I just ran everything myself locally and it seems like we've caught a small bug. I was able to reproduce this on a simple NER example in Prodigy but also on a textcat use-case that just relies on spaCy. Because the behavior also occurs there it feels safe to say this issue isn't caused by Prodigy.
Here's an example run with 0 steps.
python -m spacy train data/dataset/config.cfg --output training/dataset/ --paths.train data/dataset/train.spacy --paths.dev data/dataset/dev.spacy --training.max-steps=0
Notice the many many steps that it runs:
============================= Training pipeline =============================
ℹ Pipeline: ['textcat_multilabel']
ℹ Initial learn rate: 0.001
E # LOSS TEXTC... CATS_SCORE SCORE
--- ------ ------------- ---------- ------
0 0 0.25 57.55 0.58
0 200 51.73 88.56 0.89
1 400 7.81 91.20 0.91
2 600 1.40 92.23 0.92
3 800 0.60 91.50 0.91
4 1000 0.27 91.64 0.92
5 1200 0.22 91.50 0.91
6 1400 0.14 91.20 0.91
7 1600 0.14 91.35 0.91
8 1800 0.10 91.64 0.92
9 2000 0.09 91.20 0.91
10 2200 0.08 91.50 0.91
✔ Saved pipeline to output directory
But here's the same one with only one step.
> python -m spacy train data/dataset/config.cfg --output training/dataset/ --paths.train data/dataset/train.spacy --paths.dev data/dataset/dev.spacy --training.max-steps=1
And now, we see way less.
============================= Training pipeline =============================
ℹ Pipeline: ['textcat_multilabel']
ℹ Initial learn rate: 0.001
E # LOSS TEXTC... CATS_SCORE SCORE
--- ------ ------------- ---------- ------
0 0 0.25 57.55 0.58
✔ Saved pipeline to output directory
It seems like if the maximum number of steps is equal to zero that it will assume a default instead.
Again, sorry about the unnecessary back and forth.

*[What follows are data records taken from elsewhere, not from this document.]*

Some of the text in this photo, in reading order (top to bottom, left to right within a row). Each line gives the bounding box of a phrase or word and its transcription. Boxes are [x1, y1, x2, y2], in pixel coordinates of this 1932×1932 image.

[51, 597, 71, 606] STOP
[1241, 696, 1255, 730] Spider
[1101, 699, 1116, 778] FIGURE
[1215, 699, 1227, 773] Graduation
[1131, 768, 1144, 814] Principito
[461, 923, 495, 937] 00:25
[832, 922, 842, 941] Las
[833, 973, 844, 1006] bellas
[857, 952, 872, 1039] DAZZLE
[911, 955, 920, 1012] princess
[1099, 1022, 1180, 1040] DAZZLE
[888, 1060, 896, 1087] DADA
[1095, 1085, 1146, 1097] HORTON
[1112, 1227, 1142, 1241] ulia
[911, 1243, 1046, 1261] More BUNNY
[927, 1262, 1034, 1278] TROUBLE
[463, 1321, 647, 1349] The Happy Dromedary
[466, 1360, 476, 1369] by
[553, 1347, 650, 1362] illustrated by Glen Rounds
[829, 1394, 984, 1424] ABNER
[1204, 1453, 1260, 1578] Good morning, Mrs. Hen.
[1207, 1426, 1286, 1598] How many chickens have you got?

It seems like --training.max-steps=0
is causing an inuintuitive default behavior. Just to check though, when you run --training.max-steps=1
then you do see the same behavior as me?
Thank you so much for looking into this! I rerun the commands with max-steps=0, max-steps=1, max-steps=2000. For max-steps=0,max-steps=2000, the results remains the same. And for max-steps=1, my results are
(ENV) PS C:\Users\rapiduser\Workspace\zhang-annotations> python -m prodigy train model-with-1-step --ner citation_2nd_1_train,eval:citation_2nd_1_eval --training.max_steps=1 --label-stats
Using CPU
========================= Generating Prodigy config =========================
Auto-generating config with spaCy
Generated training config
=========================== Initializing pipeline ===========================
[2023-03-13 23:32:28,829] [INFO] Set up nlp object from config
Components: ner
Merging training and evaluation data for 1 components
- [ner] Training: 1150 | Evaluation: 278 (from datasets)
Training: 1145 | Evaluation: 278
Labels: ner (16)
[2023-03-13 23:32:29,126] [INFO] Pipeline: ['tok2vec', 'ner']
[2023-03-13 23:32:29,142] [INFO] Created vocabulary
[2023-03-13 23:32:29,142] [INFO] Finished initializing nlp object
[2023-03-13 23:32:31,798] [INFO] Initialized pipeline components: ['tok2vec', 'ner']
Initialized pipeline
============================= Training pipeline =============================
Components: ner
Merging training and evaluation data for 1 components
- [ner] Training: 1150 | Evaluation: 278 (from datasets)
Training: 1145 | Evaluation: 278
Labels: ner (16)
Pipeline: ['tok2vec', 'ner']
Initial learn rate: 0.001
E # LOSS TOK2VEC LOSS NER ENTS_F ENTS_P ENTS_R SCORE
0 0 0.00 128.55 0.00 0.00 0.00 0.00
Saved pipeline to output directory
model-with-1-step\model-last
=============================== NER (per type) ===============================
P R F
JOURNAL 0.00 0.00 0.00
WORKING 0.00 0.00 0.00
MEDIA 0.00 0.00 0.00
WEBSITES 0.00 0.00 0.00
BOOK 0.00 0.00 0.00
STATUTES 0.00 0.00 0.00
COURT 0.00 0.00 0.00
DATASETS 0.00 0.00 0.00
CASE_S 0.00 0.00 0.00
AGENCY_D 0.00 0.00 0.00
CONSTITUTIONS 0.00 0.00 0.00
I just checked in with a spaCy colleague who pointed me to the spaCy API docs, where this behavior is documented. To quote what is mentioned there for the max-steps
argument:
Maximum number of update steps to train for.
0
means an unlimited number of steps. Defaults to20000
.
So that explains the behavior!
That makes sense. Thank you!